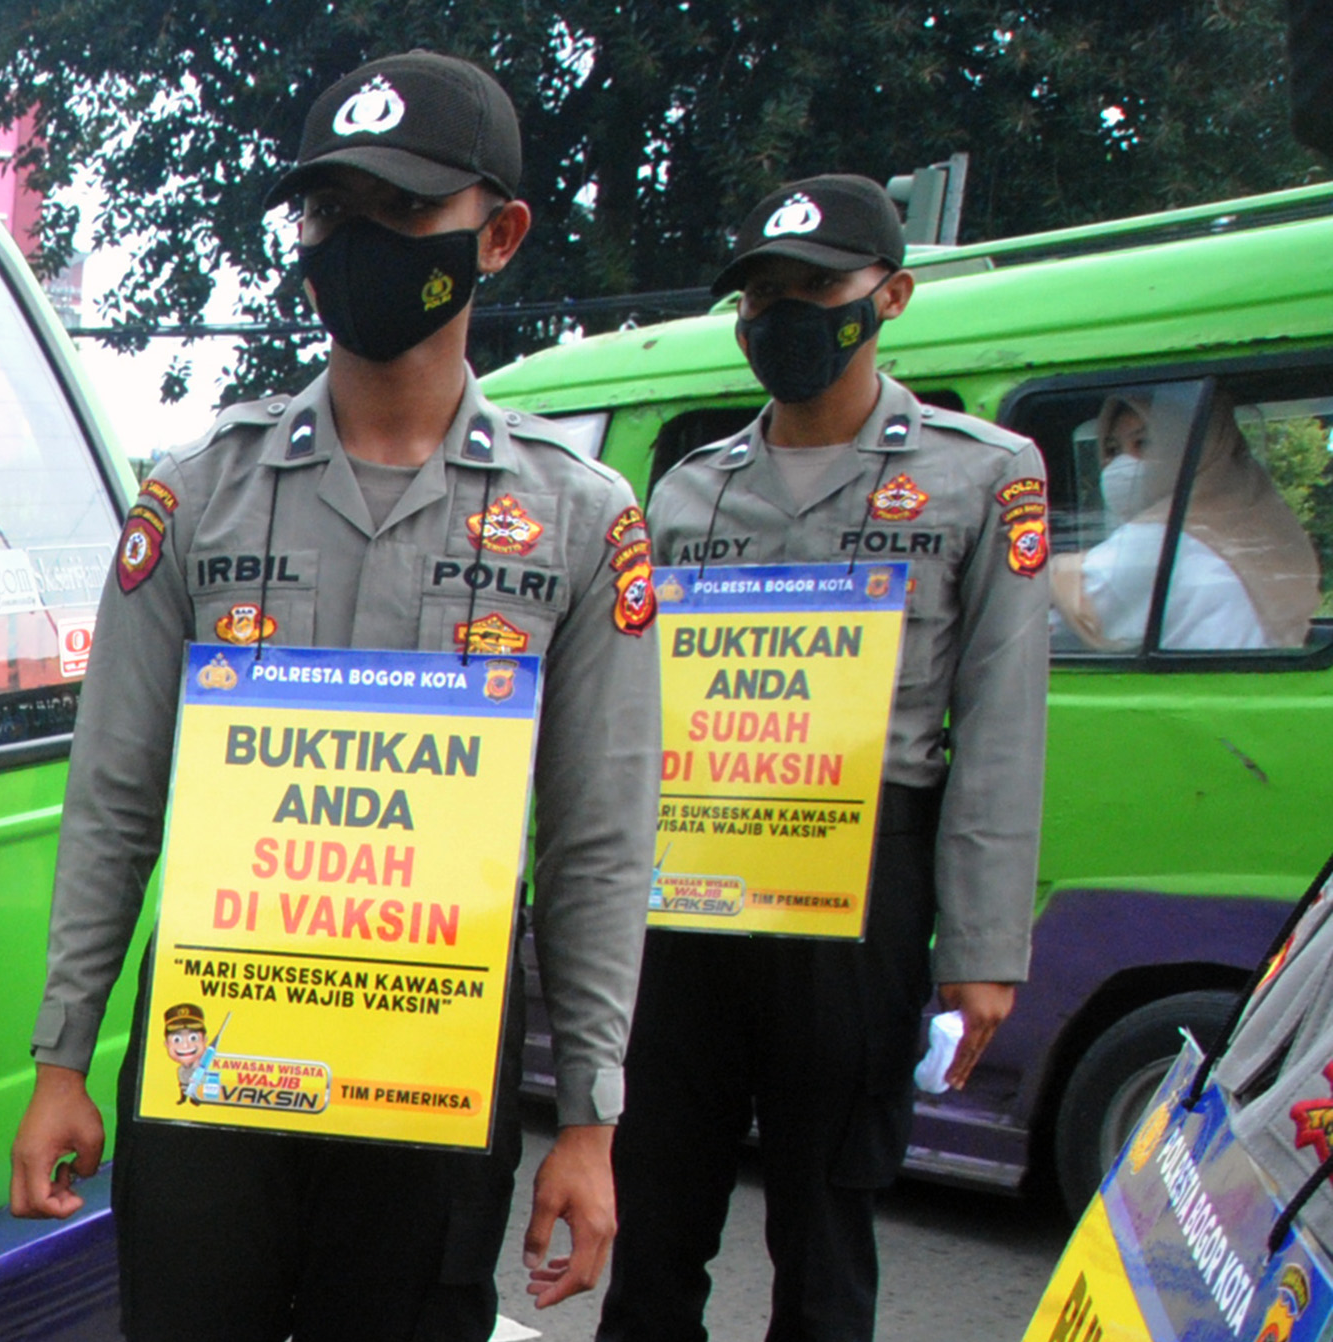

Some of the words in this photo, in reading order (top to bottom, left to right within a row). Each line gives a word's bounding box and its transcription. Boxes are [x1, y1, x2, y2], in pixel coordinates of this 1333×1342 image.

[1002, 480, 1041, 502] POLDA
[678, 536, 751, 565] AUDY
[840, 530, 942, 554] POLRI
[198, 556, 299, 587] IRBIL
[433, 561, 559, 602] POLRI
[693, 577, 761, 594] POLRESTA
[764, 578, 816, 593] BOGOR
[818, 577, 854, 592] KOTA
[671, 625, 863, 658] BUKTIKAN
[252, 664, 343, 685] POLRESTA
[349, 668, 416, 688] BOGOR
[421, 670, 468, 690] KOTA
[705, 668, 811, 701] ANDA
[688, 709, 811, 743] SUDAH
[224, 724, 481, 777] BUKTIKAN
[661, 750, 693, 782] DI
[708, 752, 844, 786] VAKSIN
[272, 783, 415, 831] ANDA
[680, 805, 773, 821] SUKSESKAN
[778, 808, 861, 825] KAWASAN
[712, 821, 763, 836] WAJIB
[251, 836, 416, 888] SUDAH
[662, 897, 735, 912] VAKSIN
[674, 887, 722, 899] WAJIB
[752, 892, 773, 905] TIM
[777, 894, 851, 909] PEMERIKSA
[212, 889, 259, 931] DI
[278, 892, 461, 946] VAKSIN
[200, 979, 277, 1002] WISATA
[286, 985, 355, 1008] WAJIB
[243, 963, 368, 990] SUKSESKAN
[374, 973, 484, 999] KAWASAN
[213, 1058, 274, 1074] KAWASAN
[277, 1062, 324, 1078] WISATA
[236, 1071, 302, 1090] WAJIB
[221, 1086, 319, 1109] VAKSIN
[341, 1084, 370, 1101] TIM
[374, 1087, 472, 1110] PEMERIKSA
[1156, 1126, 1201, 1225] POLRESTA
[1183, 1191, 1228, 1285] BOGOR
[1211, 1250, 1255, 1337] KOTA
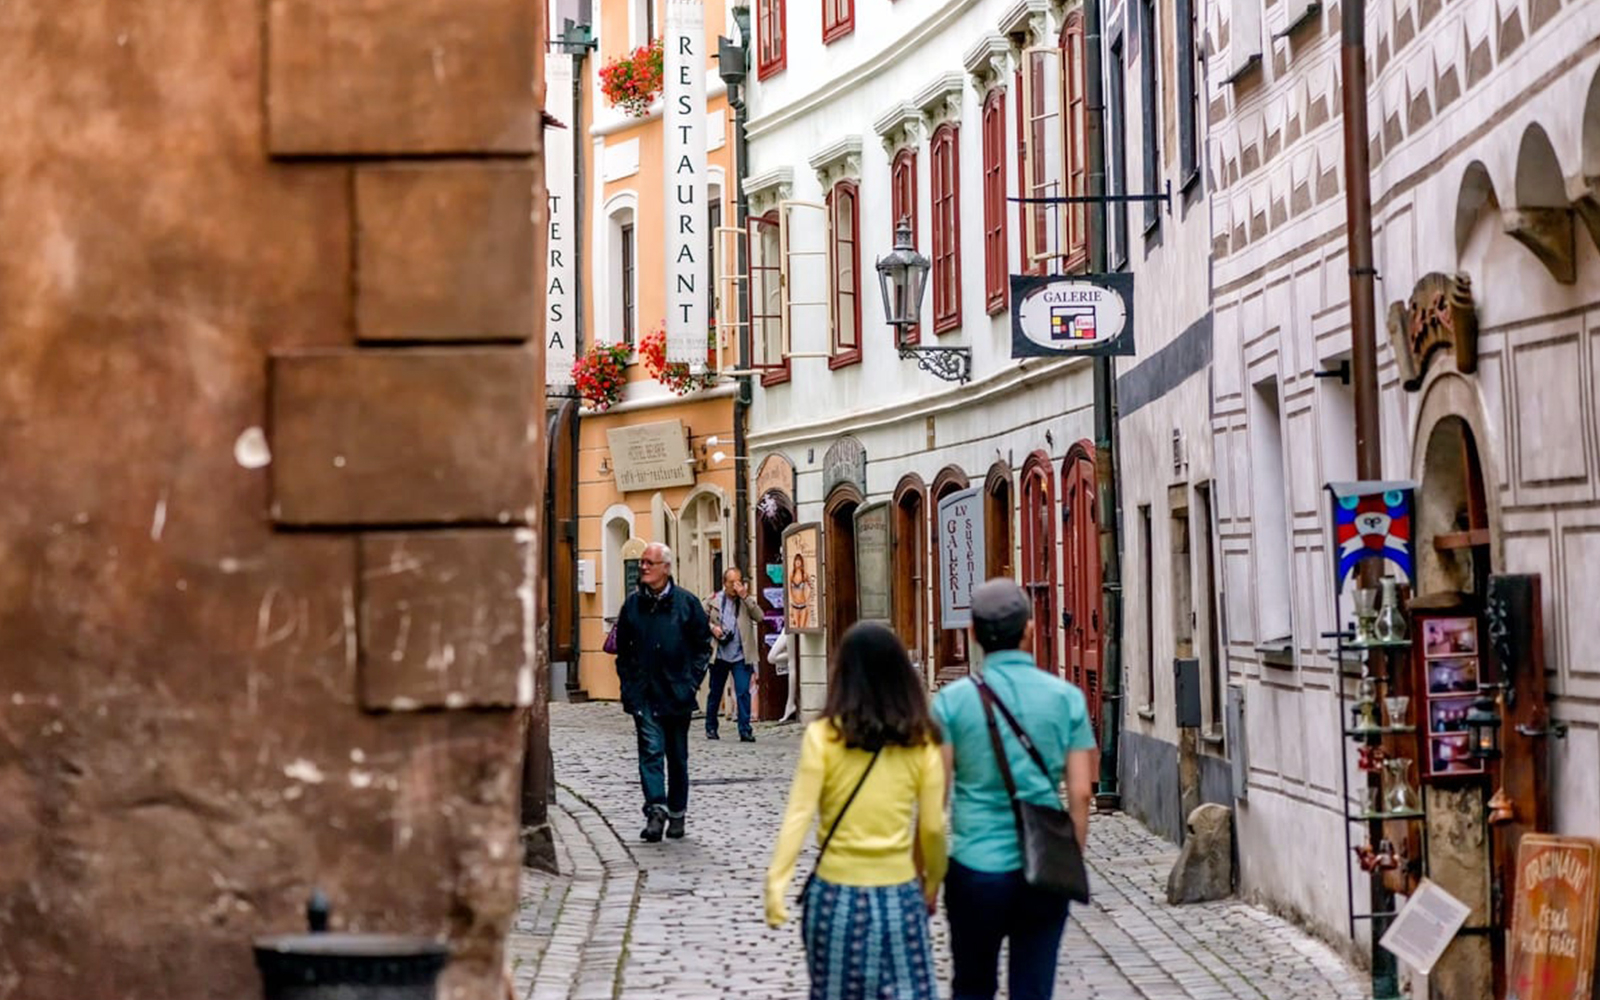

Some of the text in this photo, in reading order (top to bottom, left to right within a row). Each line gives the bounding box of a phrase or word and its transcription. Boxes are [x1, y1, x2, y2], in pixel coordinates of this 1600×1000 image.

● **What the task asks**: What you return should match the material word for word, apart from the pictures.

● **Written response**:
Some of the words in this photo, in reading order (top to bottom, left to right within a row). Each line gives a word's bounding box and its transcription. Boxes are [x1, y1, x2, y2], in pixel coordinates of this 1333×1342 image.

[1002, 480, 1041, 502] POLDA
[678, 536, 751, 565] AUDY
[840, 530, 942, 554] POLRI
[198, 556, 299, 587] IRBIL
[433, 561, 559, 602] POLRI
[693, 577, 761, 594] POLRESTA
[764, 578, 816, 593] BOGOR
[818, 577, 854, 592] KOTA
[671, 625, 863, 658] BUKTIKAN
[252, 664, 343, 685] POLRESTA
[349, 668, 416, 688] BOGOR
[421, 670, 468, 690] KOTA
[705, 668, 811, 701] ANDA
[688, 709, 811, 743] SUDAH
[224, 724, 481, 777] BUKTIKAN
[661, 750, 693, 782] DI
[708, 752, 844, 786] VAKSIN
[272, 783, 415, 831] ANDA
[680, 805, 773, 821] SUKSESKAN
[778, 808, 861, 825] KAWASAN
[712, 821, 763, 836] WAJIB
[251, 836, 416, 888] SUDAH
[662, 897, 735, 912] VAKSIN
[674, 887, 722, 899] WAJIB
[752, 892, 773, 905] TIM
[777, 894, 851, 909] PEMERIKSA
[212, 889, 259, 931] DI
[278, 892, 461, 946] VAKSIN
[200, 979, 277, 1002] WISATA
[286, 985, 355, 1008] WAJIB
[243, 963, 368, 990] SUKSESKAN
[374, 973, 484, 999] KAWASAN
[213, 1058, 274, 1074] KAWASAN
[277, 1062, 324, 1078] WISATA
[236, 1071, 302, 1090] WAJIB
[221, 1086, 319, 1109] VAKSIN
[341, 1084, 370, 1101] TIM
[374, 1087, 472, 1110] PEMERIKSA
[1156, 1126, 1201, 1225] POLRESTA
[1183, 1191, 1228, 1285] BOGOR
[1211, 1250, 1255, 1337] KOTA

Some of the text in this photo, in reading order (top to bottom, left to right within a row). Each line gives the bounding box of a phrase or word and its transcription. Boxes are [x1, y1, x2, y2], in pixel coordinates of this 1600×1000 image.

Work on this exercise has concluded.